Producers make drilling plans months in advance, so responses to low prices are delayed. Tapered production growth is unlikely to lead to a quick rise in US gas prices, said RBC Capital Markets analyst Scott Hanold.

Instead, RBC forecasts that prices will recover gradually in the next few years. Prices at the US benchmark are forecast to average $2.45/mmBtu in 2020, down by about 5pc from the 2019 average, the EIA said in its December Short-Term Energy Outlook. That forecast was revised down by 3¢/mmBtu from the November outlook.

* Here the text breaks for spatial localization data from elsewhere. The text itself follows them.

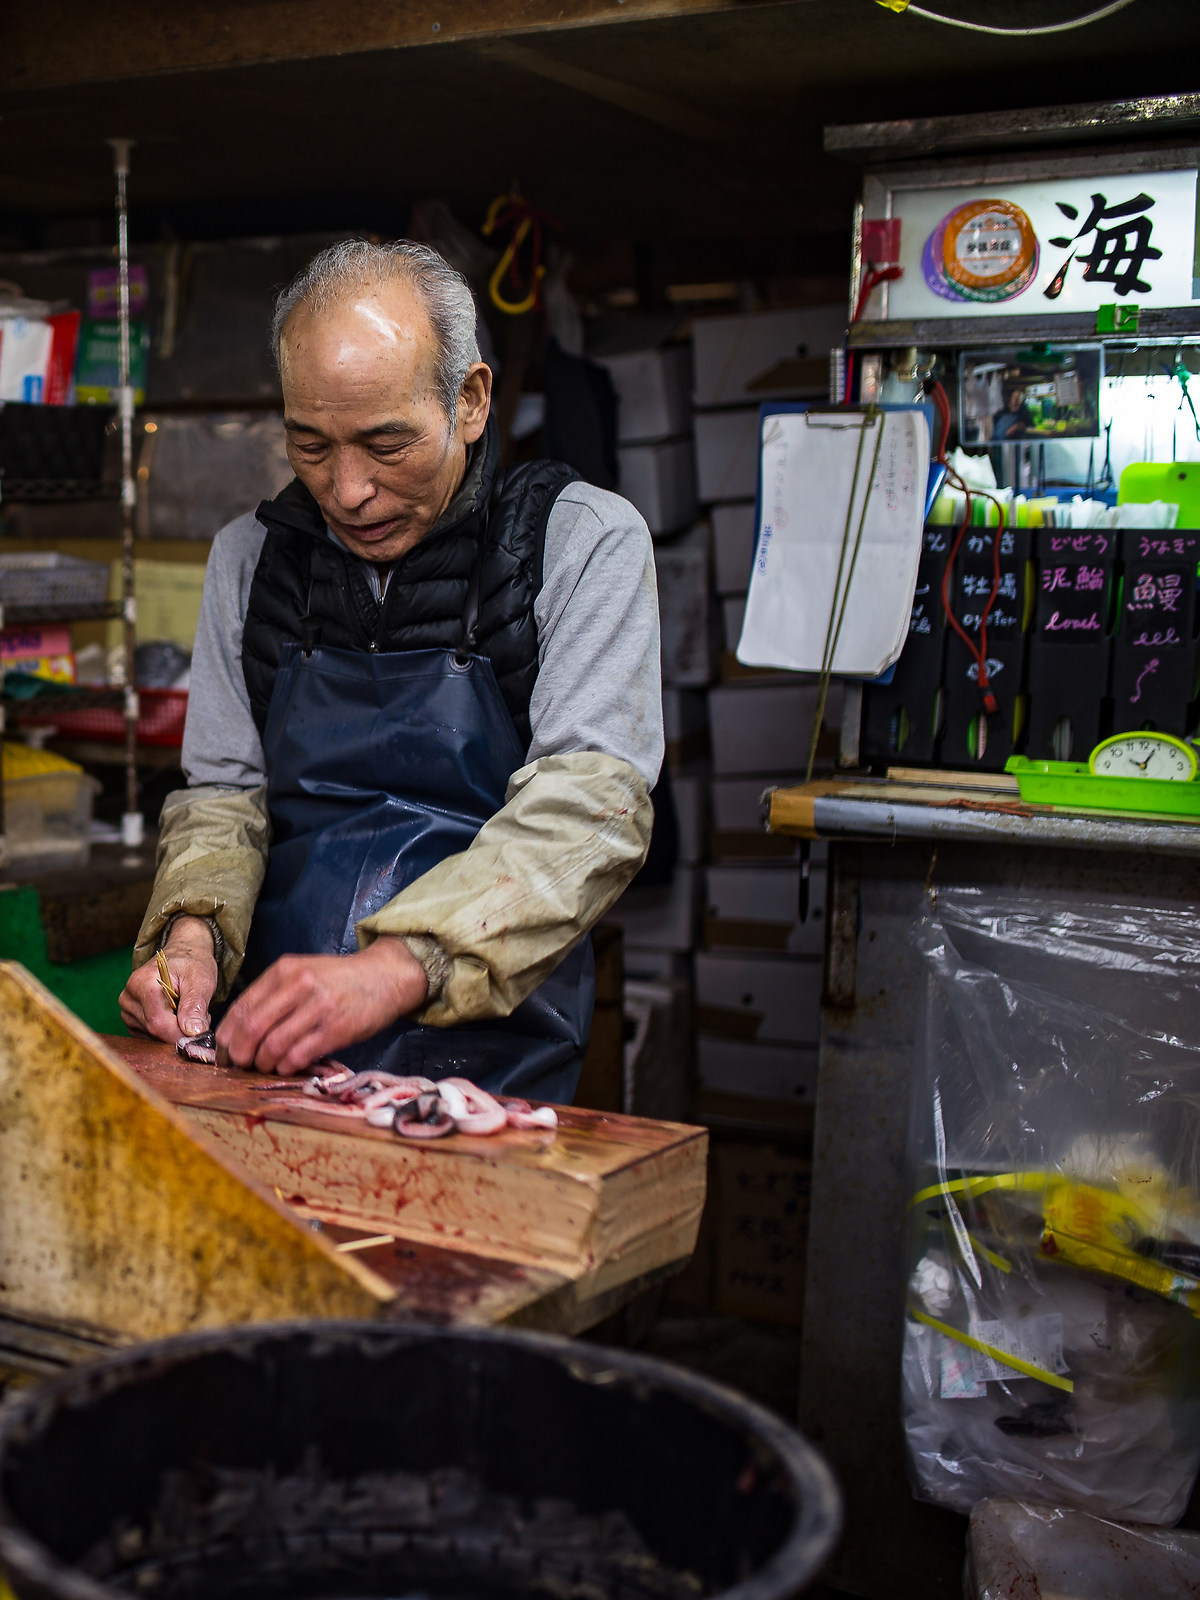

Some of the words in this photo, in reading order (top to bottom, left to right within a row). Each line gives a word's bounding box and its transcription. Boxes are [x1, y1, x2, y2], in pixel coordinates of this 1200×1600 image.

[1043, 192, 1163, 299] 海
[968, 531, 1015, 554] かき
[1051, 535, 1108, 555] どぜう
[1139, 536, 1196, 557] うなぎ
[1133, 627, 1181, 646] eel
[1126, 742, 1134, 751] 11
[1139, 740, 1150, 750] 12
[1156, 743, 1161, 751] 1
[1110, 748, 1124, 758] 10
[1104, 760, 1111, 769] 9
[1177, 762, 1184, 771] 3

High prices this winter could delay tapered production decisions by companies that have not yet pared growth outlooks. But those that have already planned for measured output next year likely will not "flex back to growth" on weather-related price spikes, Hanold said.

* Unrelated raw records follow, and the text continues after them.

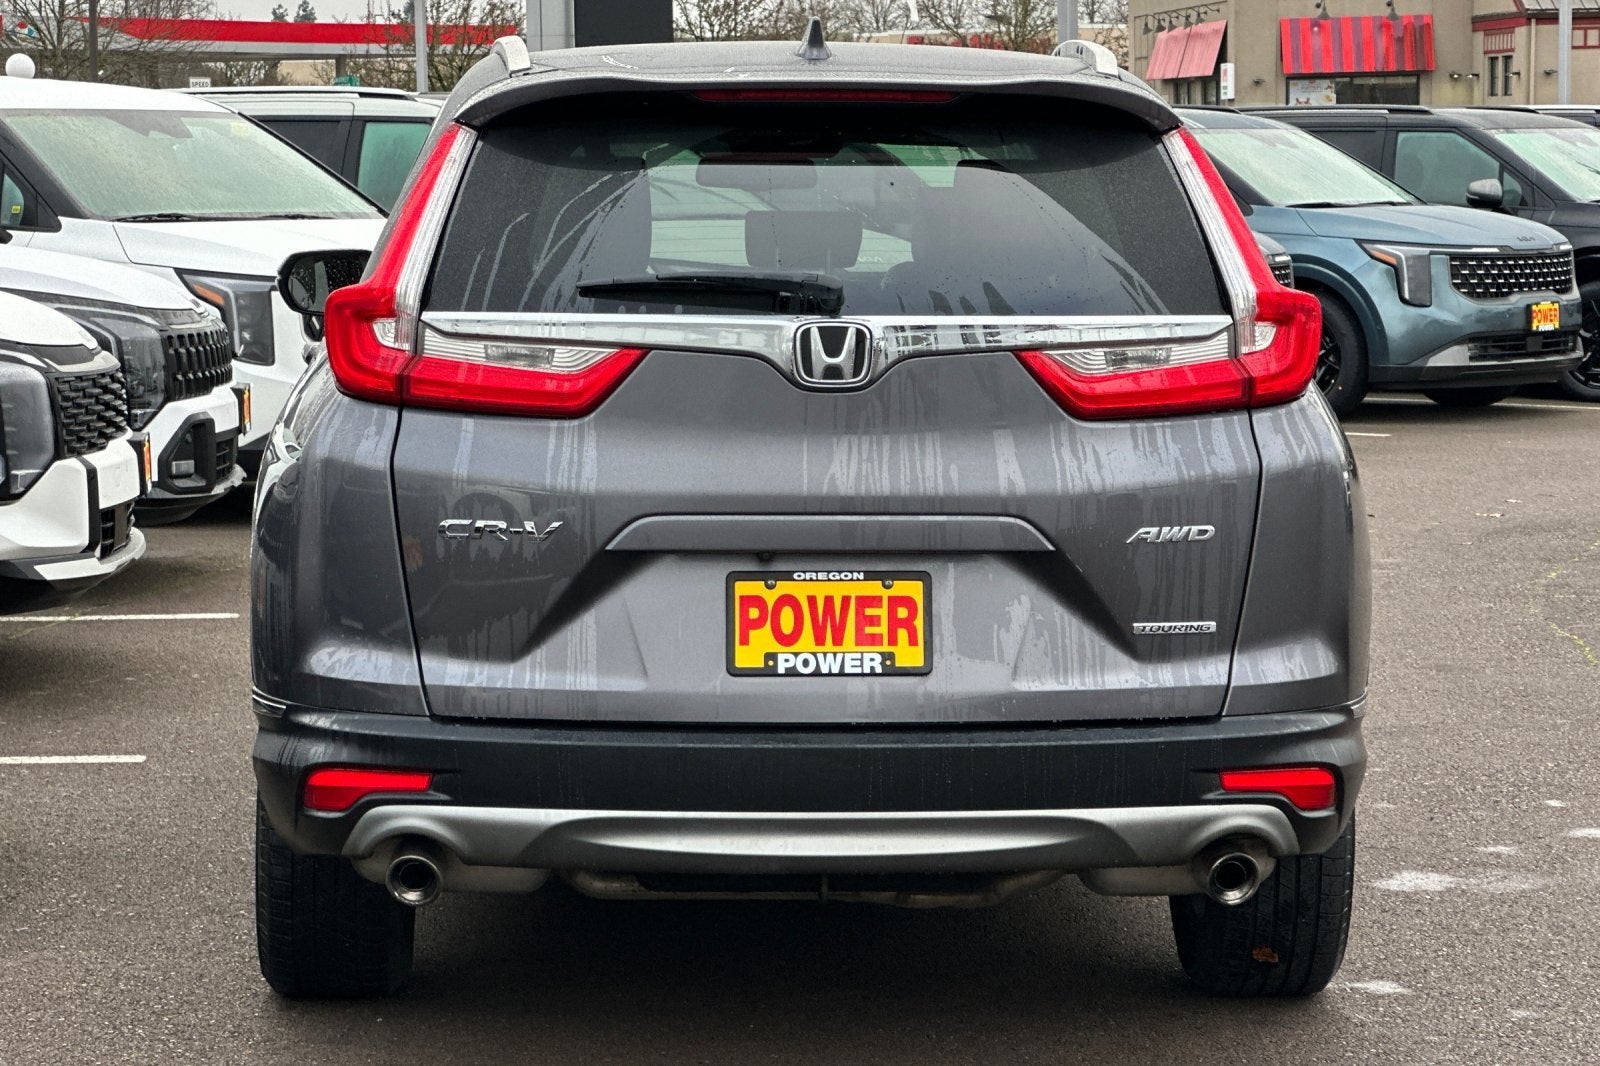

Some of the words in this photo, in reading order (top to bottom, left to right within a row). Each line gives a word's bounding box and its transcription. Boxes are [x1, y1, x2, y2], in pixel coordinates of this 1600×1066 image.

[1531, 308, 1558, 324] POWER
[438, 519, 564, 542] CR-V
[1126, 525, 1215, 543] AWD
[793, 572, 864, 580] OREGON
[739, 594, 919, 647] POWER
[1138, 624, 1211, 633] TOURING
[777, 653, 882, 674] POWER

Price spikes this winter are likely to be muted by unusually high inventory levels. A wave of cold weather in November 2019 led to a surge in futures prices early in the month, but that increase was short-lived as inventories were close to the five-year average. That's a contrast to November 2018 where high heating demand led to a more sustained price spike as stocks were well-below the five-year mark.

Natural gas infrastructure company Williams, which gathers and processes about 25pc of the gas production from the Marcellus, said in its most recent earnings call that production gains in 2019 would not last into 2020.

Williams' gathered volumes in Appalachia will grow by 3.5pc in 2020, down from its previous outlook for 5.5pc growth. In contrast, third quarter 2019 volumes rose to 8.7 Bcf/d, a year-over-year increase of 17pc.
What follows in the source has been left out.